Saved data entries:
================

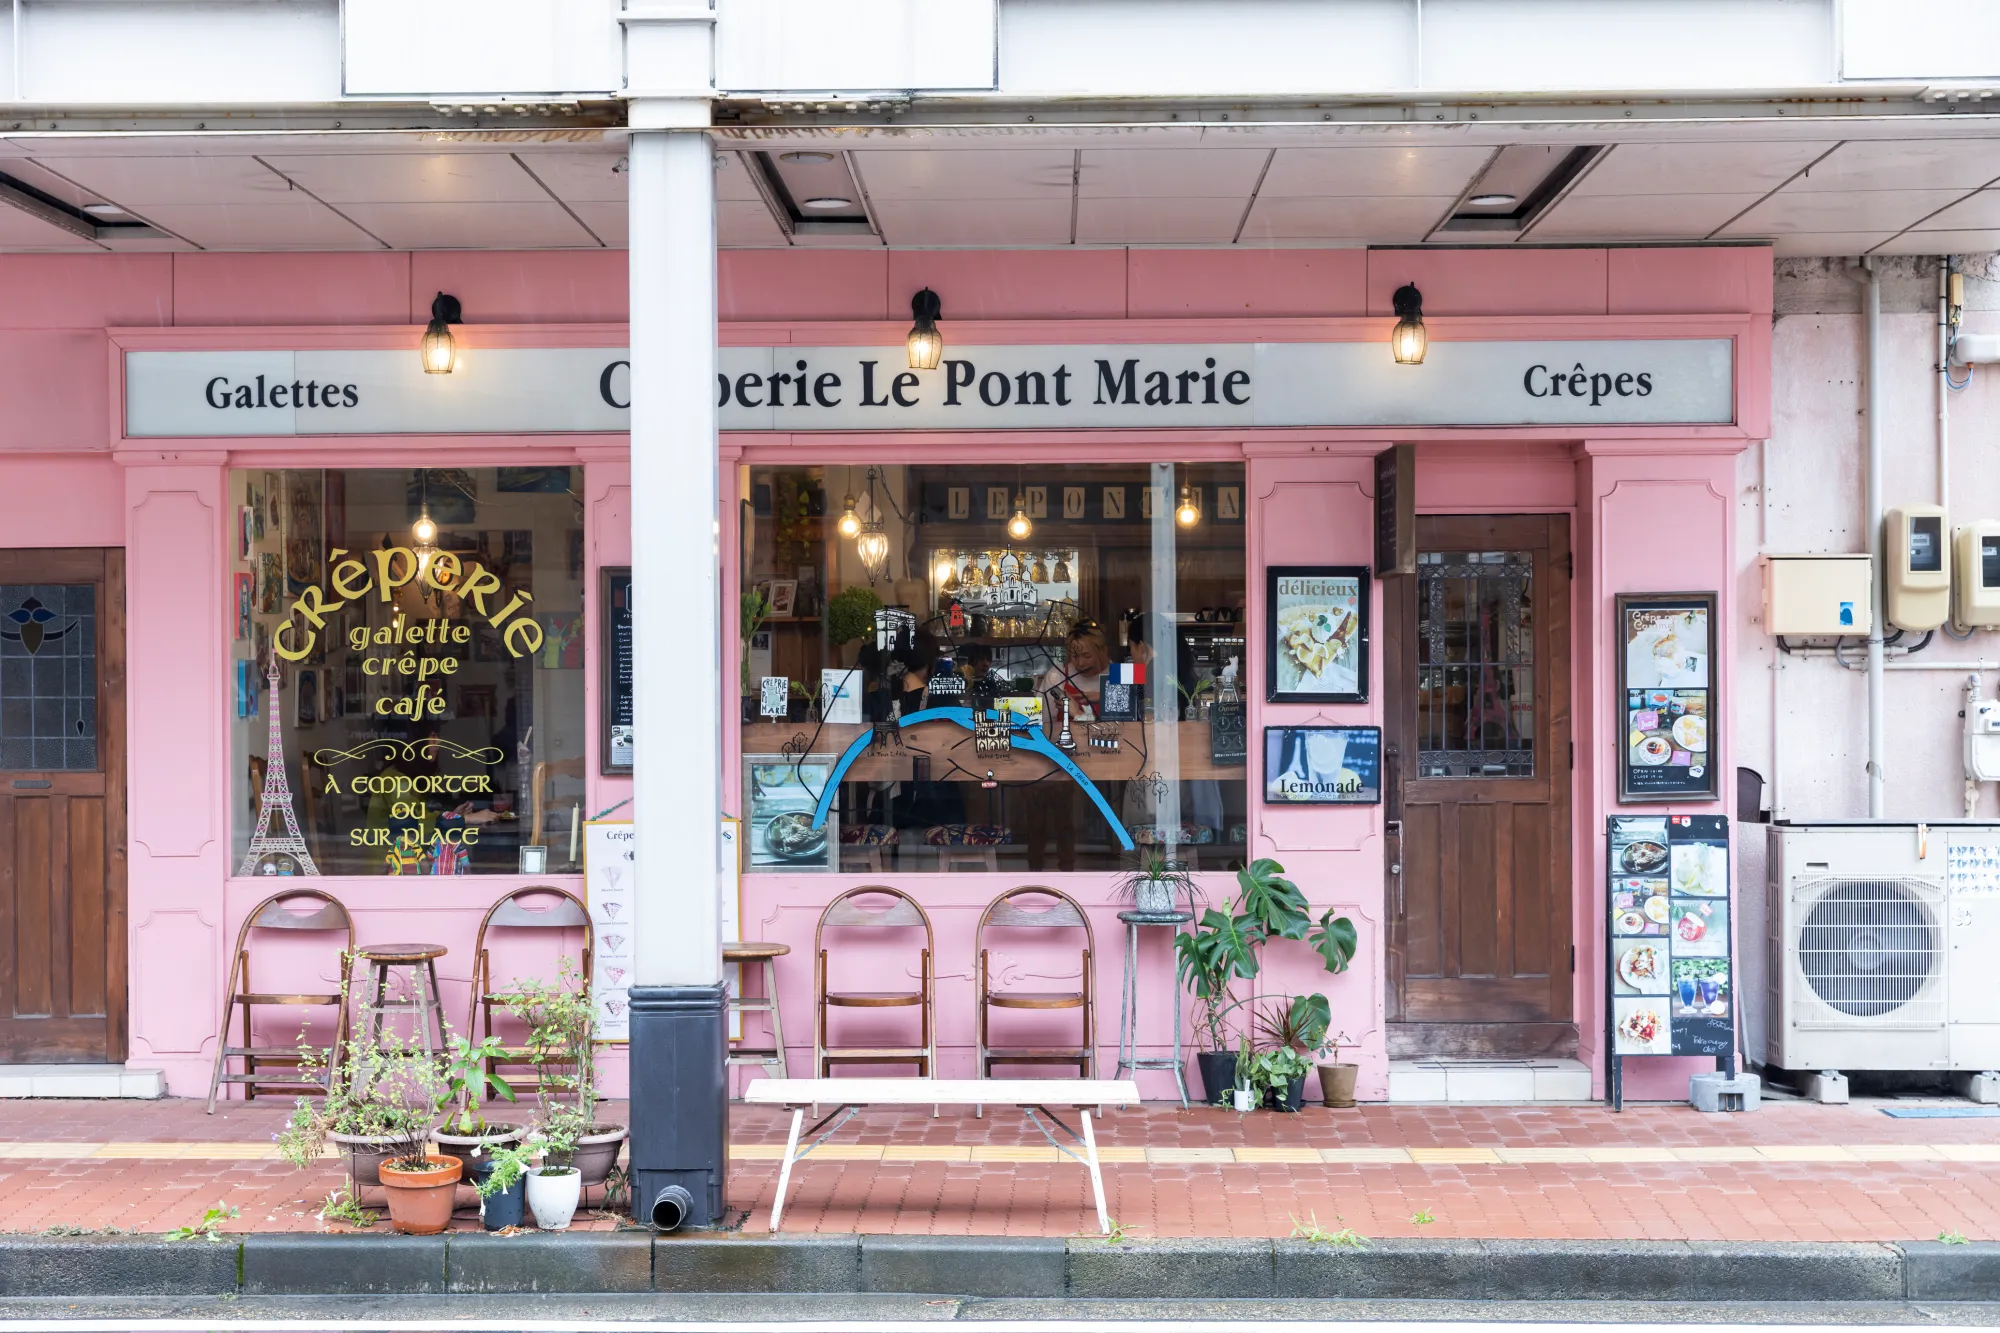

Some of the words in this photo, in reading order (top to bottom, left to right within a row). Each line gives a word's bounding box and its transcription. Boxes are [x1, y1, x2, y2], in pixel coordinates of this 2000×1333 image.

[205, 375, 359, 409] Galettes
[600, 359, 842, 409] Cerie
[858, 360, 920, 407] Le
[942, 358, 1073, 407] Pont
[1094, 357, 1251, 406] Marie
[1523, 362, 1653, 407] Crêpes
[1278, 579, 1358, 597] délicieux
[349, 613, 471, 651] galette
[361, 651, 459, 682] crêpe
[374, 683, 447, 722] café
[350, 774, 494, 798] EMPORTER
[1280, 778, 1364, 794] Lemonade
[390, 801, 427, 820] OU
[350, 827, 393, 846] SUR
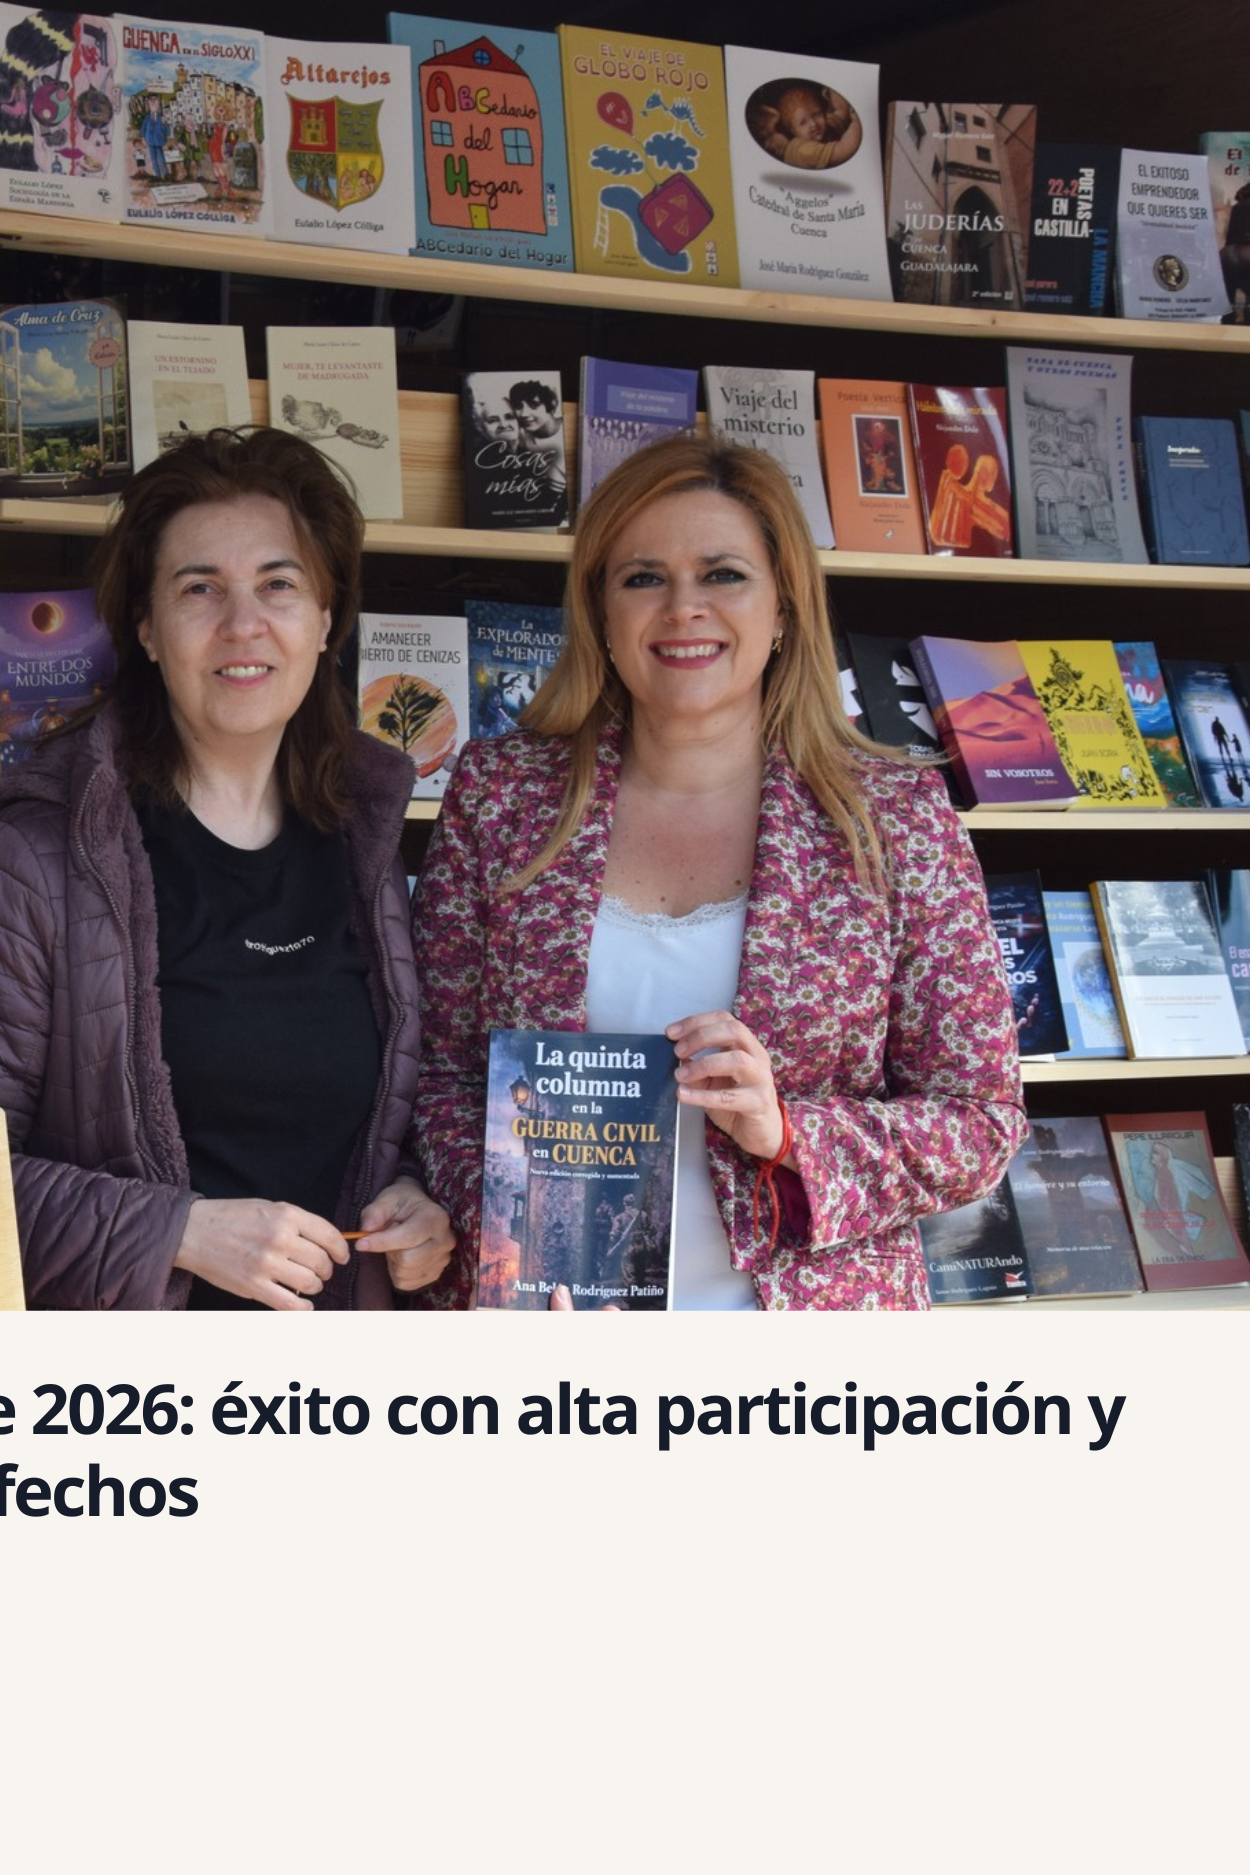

================

Task prompt: In the answer, the entries should be restated verbatim, with all pictures omitted.

Output:
Some of the words in this photo, in reading order (top to bottom, left to right within a row). Each line gives a word's bounding box and its transcription. Boxes are [x1, y1, x2, y2], in pixel coordinates of this 2000×1333 image.

[205, 375, 359, 409] Galettes
[600, 359, 842, 409] Cerie
[858, 360, 920, 407] Le
[942, 358, 1073, 407] Pont
[1094, 357, 1251, 406] Marie
[1523, 362, 1653, 407] Crêpes
[1278, 579, 1358, 597] délicieux
[349, 613, 471, 651] galette
[361, 651, 459, 682] crêpe
[374, 683, 447, 722] café
[350, 774, 494, 798] EMPORTER
[1280, 778, 1364, 794] Lemonade
[390, 801, 427, 820] OU
[350, 827, 393, 846] SUR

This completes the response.